Por: Rodrigo Fonseca | Especial para o Correio da Manhã

Christophe Honoré: 'Estou sempre em busca de minhas cicatrizes'

Christophe Honoré, cineasta | Foto: SSIFF/Divulgação

Há sempre um aroma fúnebre nos filmes de Christophe Hnoré, por mais lúdicos e leves que sejam. Respeitado no universo da literatura, por romances como "Tout contre Léo" (1995), e elogiado nos palcos em seu trabalho como encenador, o cineasta virou um quindim pra crítica francesa, arrebatando uma legião de fãs. Ganhou tietes quando lançou o musical "Canções de amor" (2007), aos 37 anos, sendo definido como um herdeiro de Jacques Demy (1931-1990). A comparação com o mestre por trás de "Os guarda-chuvas do amor" (1964) veio pela maneira como ambos redefiniram o uso não realista da música como diálogo. Reinventaram o lirismo a partir de um diálogo com problemas concretos (e existenciais) do dia a dia.
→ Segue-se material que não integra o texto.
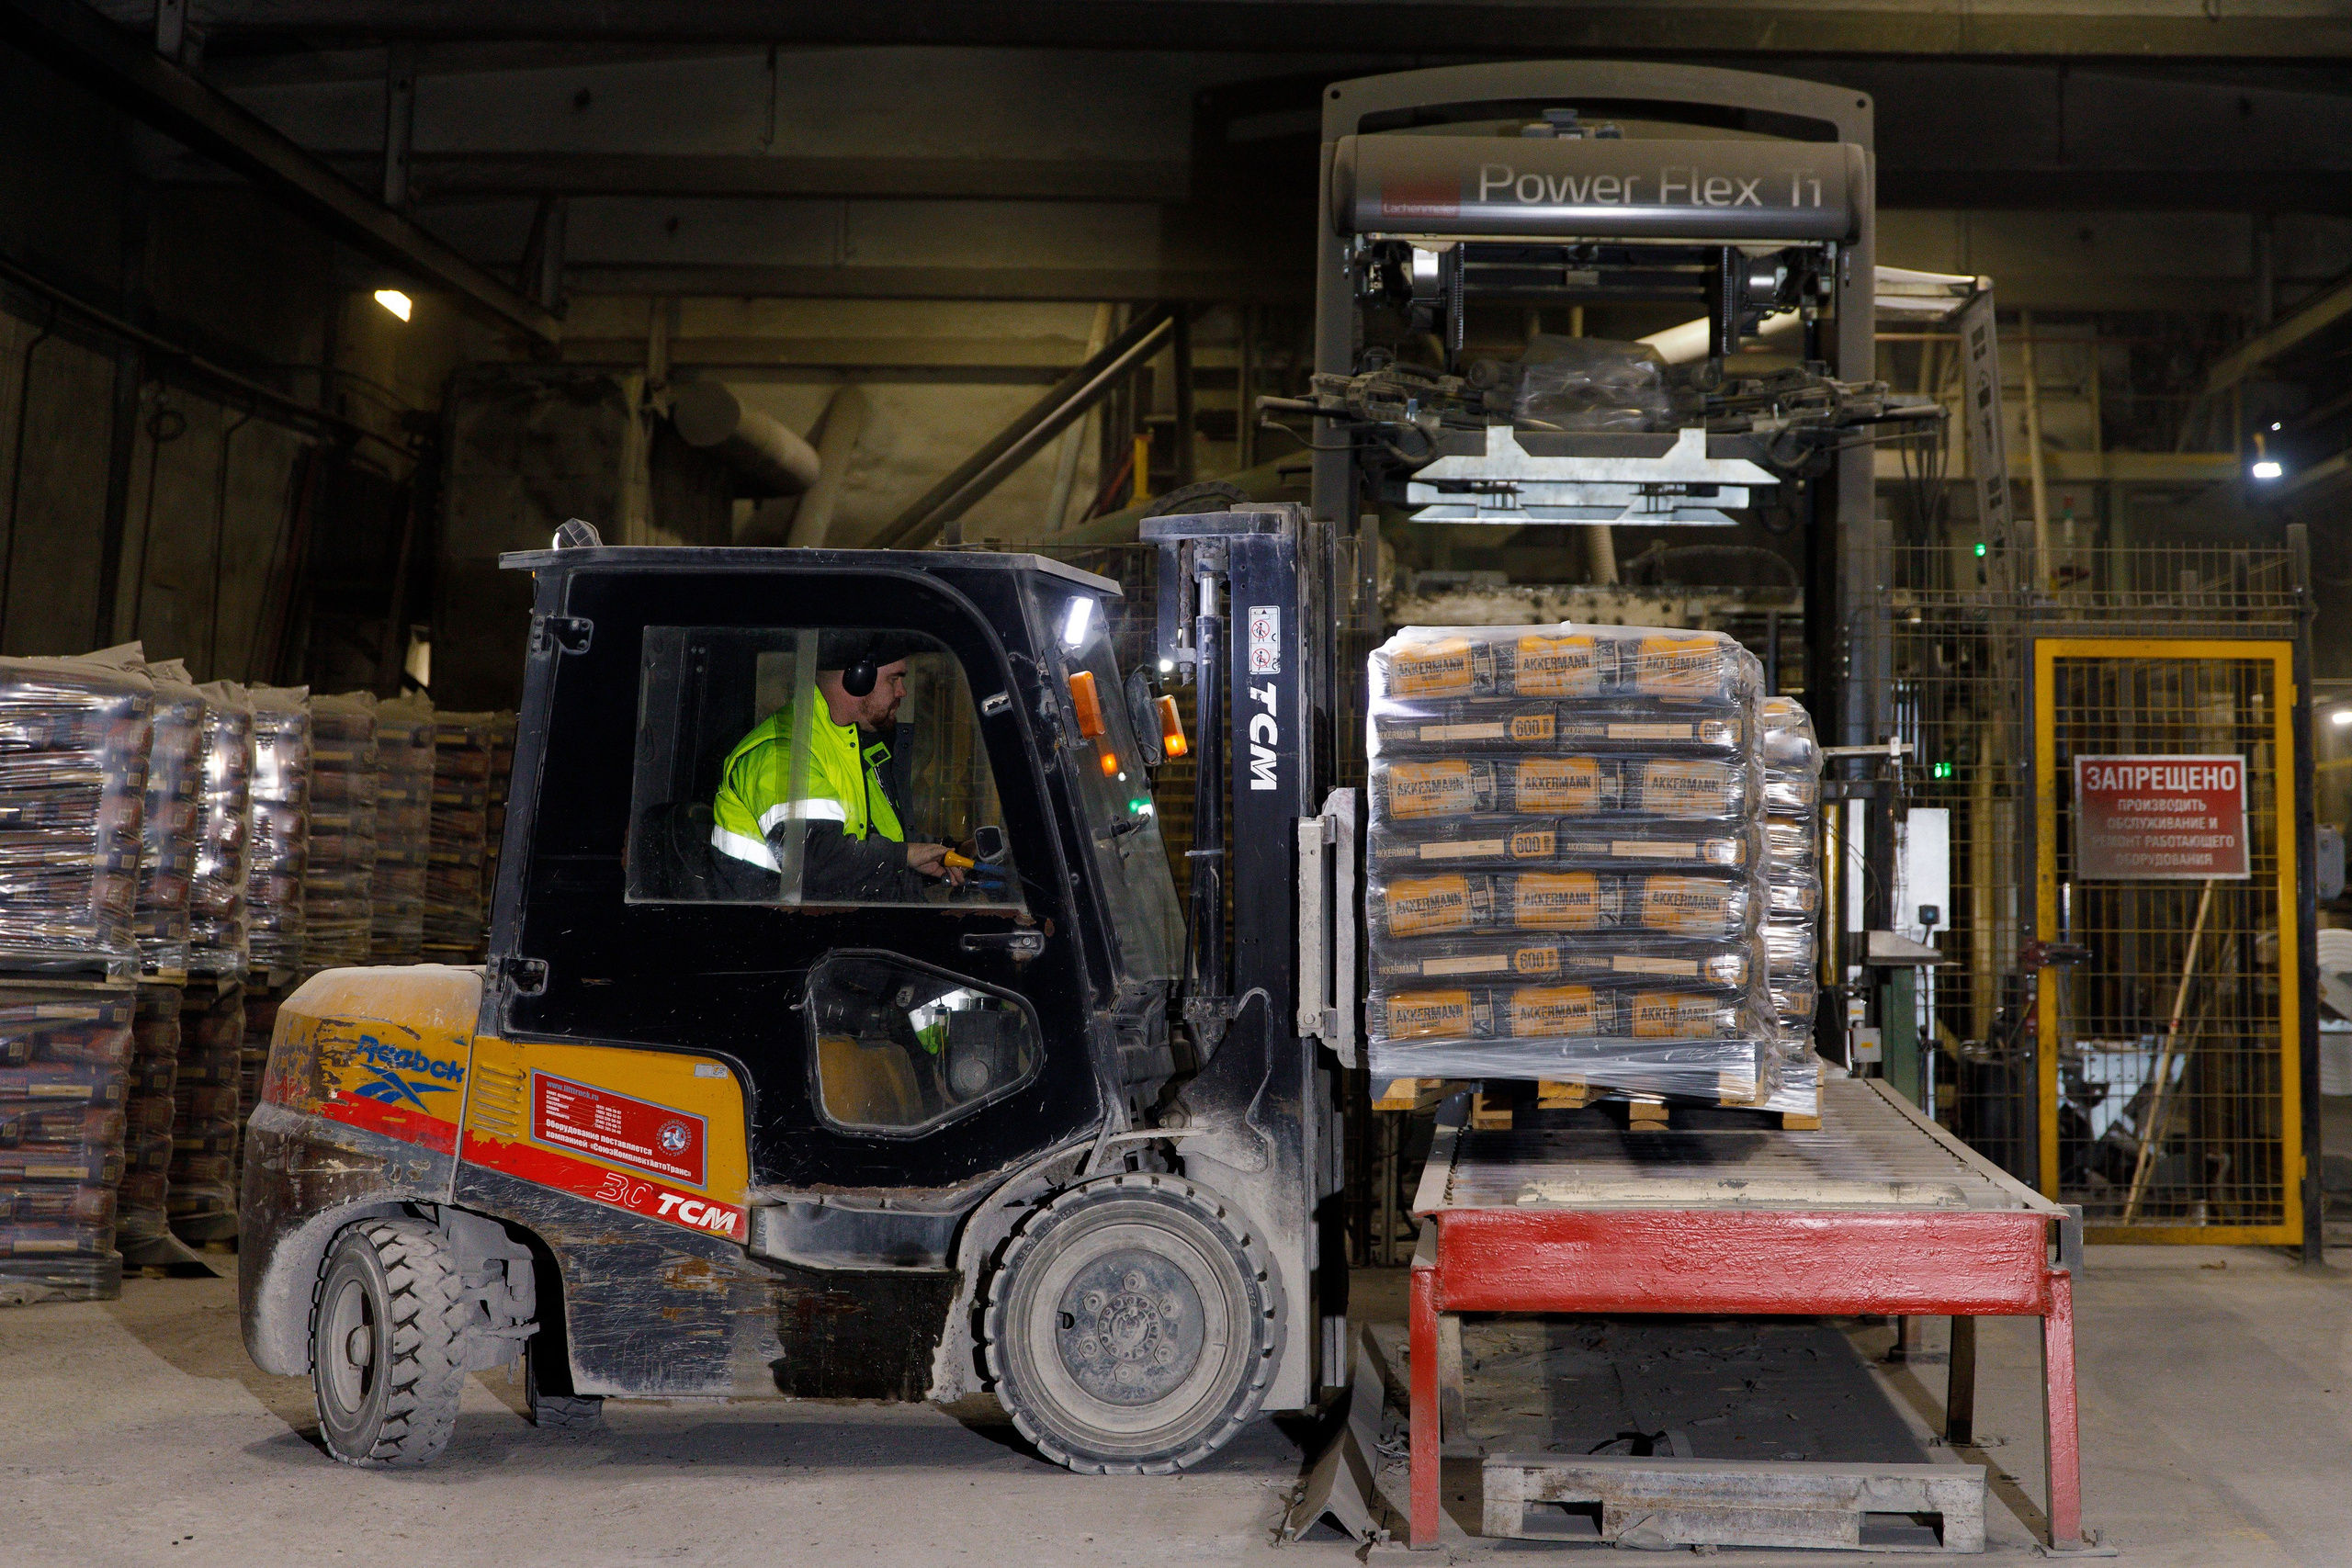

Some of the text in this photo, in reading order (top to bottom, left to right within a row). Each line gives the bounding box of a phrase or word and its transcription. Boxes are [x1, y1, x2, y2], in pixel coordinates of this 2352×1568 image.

[1479, 164, 1640, 205] Power
[1659, 166, 1763, 207] Flex
[1384, 203, 1457, 215] Lachenmeier
[1397, 658, 1464, 677] AKKERMANN
[1523, 654, 1589, 671] AKKERMANN
[1645, 657, 1713, 671] AKKERMANN
[1250, 682, 1278, 790] TCM
[1377, 730, 1416, 740] KKERMANN
[1516, 719, 1541, 737] 600
[1563, 726, 1604, 736] AKKERMANN
[1397, 777, 1464, 796] AKKERMANN
[1525, 776, 1590, 790] AKKERMANN
[1652, 776, 1719, 793] AKKERMANN
[2086, 766, 2236, 794] ЗАПРЕЩЕНО
[2118, 798, 2207, 814] ПРОИЗВОДИТЬ
[2107, 816, 2218, 830] ОБСЛУЖИВАНИЕ И
[1516, 836, 1541, 853] 600
[1566, 842, 1608, 852] AKKERMANN
[2144, 835, 2234, 849] РАБОТАЮЩЕГО
[1375, 848, 1416, 858] AKKERMANN
[2115, 852, 2213, 867] ОБОРУДОВАНИЯ
[1396, 892, 1463, 915] AKKERMANN
[1523, 892, 1590, 906] AKKERMANN
[1652, 891, 1719, 910] AKKERMANN
[1520, 952, 1544, 969] 600
[1378, 964, 1419, 976] AKKERMANN
[1396, 1004, 1464, 1023] AKKERMANN
[1520, 1004, 1588, 1021] AKKERMANN
[1641, 1007, 1709, 1021] AKKERMANN
[546, 1118, 600, 1141] Оборудование
[600, 1134, 653, 1156] поставляется
[546, 1130, 588, 1148] компанией
[657, 1192, 738, 1234] TCM
A diferença é que Honoré deu uma mão de tinta a mais nas pautas contemporâneas em seu universo de desamor e paixões condenadas pela Aids, como se viu em "Bem amadas" (2011). Mas seu regresso ao cinema, pela competição oficial do 77º Festival de Cannes, segue por trilhas diferentes, experimentais. "Marcello Mio", seu novo longa-metragem, é um jogo de armar baseado na relação entre a Chiara Mastroianni e seu pai, o astro de "La Dolce Vita" (1960). Ela resolve se vestir como ele e imitar seu modo de falar, de ser e de querer, num processo de investigação afetivo. Mas o querer é um verbo manhoso. Na entrevista a seguir, dada ao Correio da Manhã em san Sebastián, na Espanha, onde lançou o autobiográfico "Le Lycéen", Honoré disseca essas manhas.

O que torna o risco da morte e as espectralidade questões centrais no seu cinema?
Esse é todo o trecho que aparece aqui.